Updated 5 August 2016

The practice is rated as good for the care of older people.

  • The practice offered proactive, personalised care to meet the needs of the older people in its population.
  • The practice was responsive to the needs of older people, and offered home visits and urgent appointments for those with enhanced needs.
  • The practice was accessible with provision for hearing impairment and equipped with additional examination rooms to allow older people extra time to prepare for intimate examinations

Working age people (including those recently retired and students)

Good

Updated 5 August 2016

The practice is rated as good for the care of working-age people (including those recently retired and students).

  • The needs of the working age population, those recently retired and students had been identified and the practice had adjusted the services it offered to ensure these were accessible, flexible and offered continuity of care.
  • The practice was proactive in offering online services as well as a full range of health promotion and screening that reflects the needs for this age group. 

People experiencing poor mental health (including people with dementia)

Good

Updated 5 August 2016

The practice is rated as good for the care of people experiencing poor mental health (including people living with dementia).

  • 90% of patients diagnosed with dementia who had  had their care reviewed in a face to face meeting in the last 12 months, which is comparable to the CCG average of 86% and the national average of 84%.
  • Performance for mental health related indicators was above the CCG and the national average.

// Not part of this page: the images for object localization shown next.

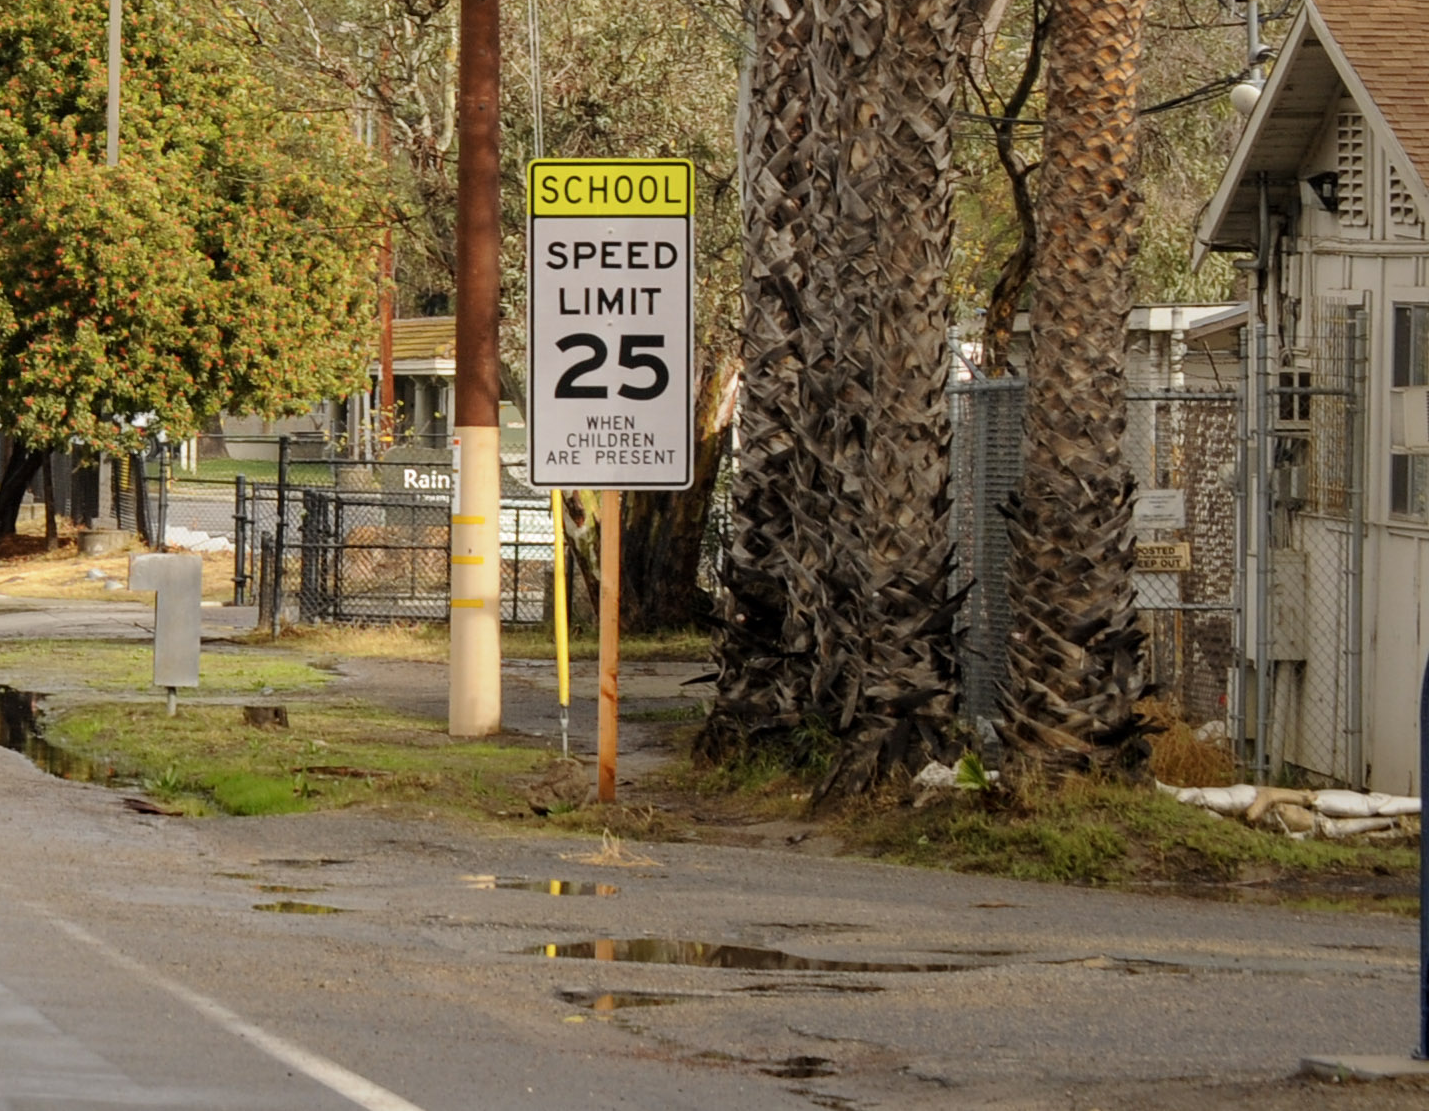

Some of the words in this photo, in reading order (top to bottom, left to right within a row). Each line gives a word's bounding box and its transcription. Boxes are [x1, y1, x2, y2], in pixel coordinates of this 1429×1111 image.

[540, 175, 682, 204] SCHOOL
[545, 240, 678, 270] SPEED
[558, 287, 662, 316] LIMIT
[554, 332, 670, 401] 25
[586, 415, 635, 431] WHEN
[566, 432, 655, 448] CHILDREN
[545, 449, 581, 465] ARE
[595, 449, 676, 465] PRESENT
[402, 468, 451, 489] Rain
[1137, 559, 1157, 568] EEP
[1161, 559, 1181, 568] OUT

For example, the percentage of patient with schizophrenia, bipolar affective disorder and other psychoses who have a comprehensive, agreed care plan documented in the record in the preceding 12 months was 97% (CCG average 90%, national average 88%).
  • The practice regularly worked with multi-disciplinary teams in the case management of patients experiencing poor mental health, including those living with dementia.
  • The practice carried out advance care planning for patients living with dementia.
  • The practice had told patients experiencing poor mental health about how to access various support groups and voluntary organisations.
  • The practice had a system in place to follow up patients who had attended accident and emergency where they may have been experiencing poor mental health.
  • Staff had a good understanding of how to support patients with mental health needs and those living with dementia.

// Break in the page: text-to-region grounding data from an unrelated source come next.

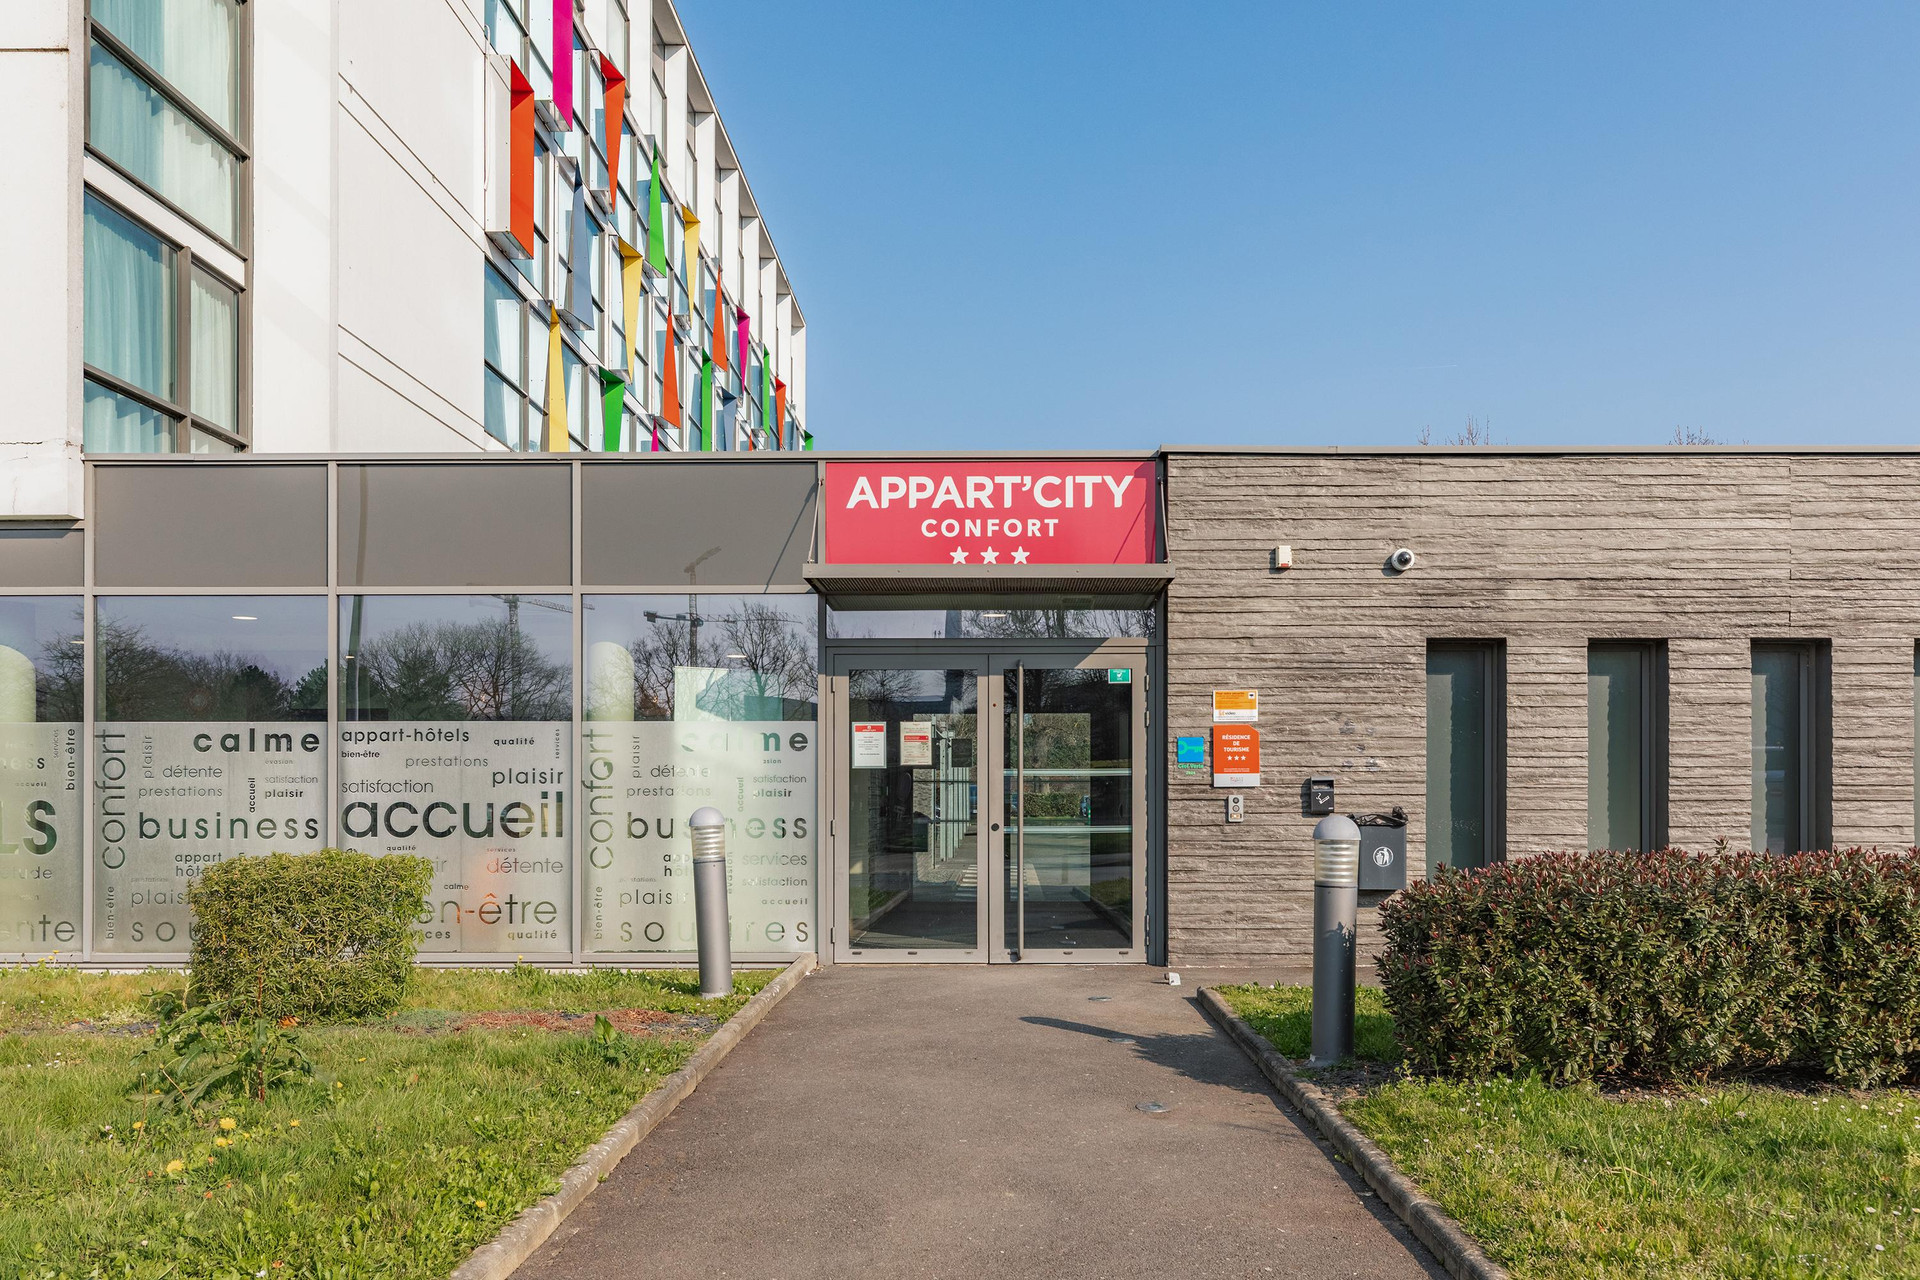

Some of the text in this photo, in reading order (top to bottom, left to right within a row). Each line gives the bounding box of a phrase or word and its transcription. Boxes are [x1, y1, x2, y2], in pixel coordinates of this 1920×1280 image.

[845, 475, 1135, 509] APPART'CITY
[921, 518, 1059, 538] CONFORT
[193, 728, 320, 752] calme
[341, 728, 470, 745] appart-hôtels
[493, 737, 535, 747] qualité
[65, 728, 75, 790] bien-être
[143, 735, 154, 779] plaisir
[341, 750, 380, 759] bien-être
[405, 756, 489, 769] prestations
[632, 735, 643, 778] plaisir
[162, 765, 223, 779] détente
[264, 775, 319, 784] satisfaction
[492, 768, 564, 788] plaisir
[752, 774, 807, 784] satisfaction
[138, 786, 223, 799] prestations
[248, 777, 256, 813] accueil
[264, 788, 304, 799] plaisir
[341, 779, 434, 794] satisfaction
[736, 776, 744, 812] accueil
[94, 728, 126, 870] confort
[581, 728, 614, 870] confort
[341, 791, 564, 839] accueil
[139, 812, 319, 840] business
[386, 844, 417, 852] qualité
[486, 857, 564, 874] détente
[742, 851, 808, 866] services
[443, 883, 470, 891] calme
[742, 876, 808, 887] satisfaction
[761, 897, 808, 905] accueil
[105, 886, 115, 939] bien-être
[594, 886, 603, 940] bien-être
[507, 929, 558, 941] qualité

People whose circumstances may make them vulnerable

Good

Updated 5 August 2016

The practice is rated as good for the care of people whose circumstances may make them vulnerable.

  • The practice held a register of patients living in vulnerable circumstances including homeless people, travellers and those with a learning disability.
  • The practice offered longer appointments for patients with a learning disability.
  • In order to optomise access to the Annual Health Check for patients with a learning disability, the practice had developed a unique template in conjunction with service users. This colourful template encouraged and enabled this group of patients to think about their health in a proactive way prior the their appointment.
  • The practice regularly worked with other health care professionals in the case management of vulnerable patients.
  • The practice informed vulnerable patients about how to access various support groups and voluntary organisations.
  • Staff knew how to recognise signs of abuse in vulnerable adults and children. Staff were aware of their responsibilities regarding information sharing, documentation of safeguarding concerns and how to contact relevant agencies in normal working hours and out of hours.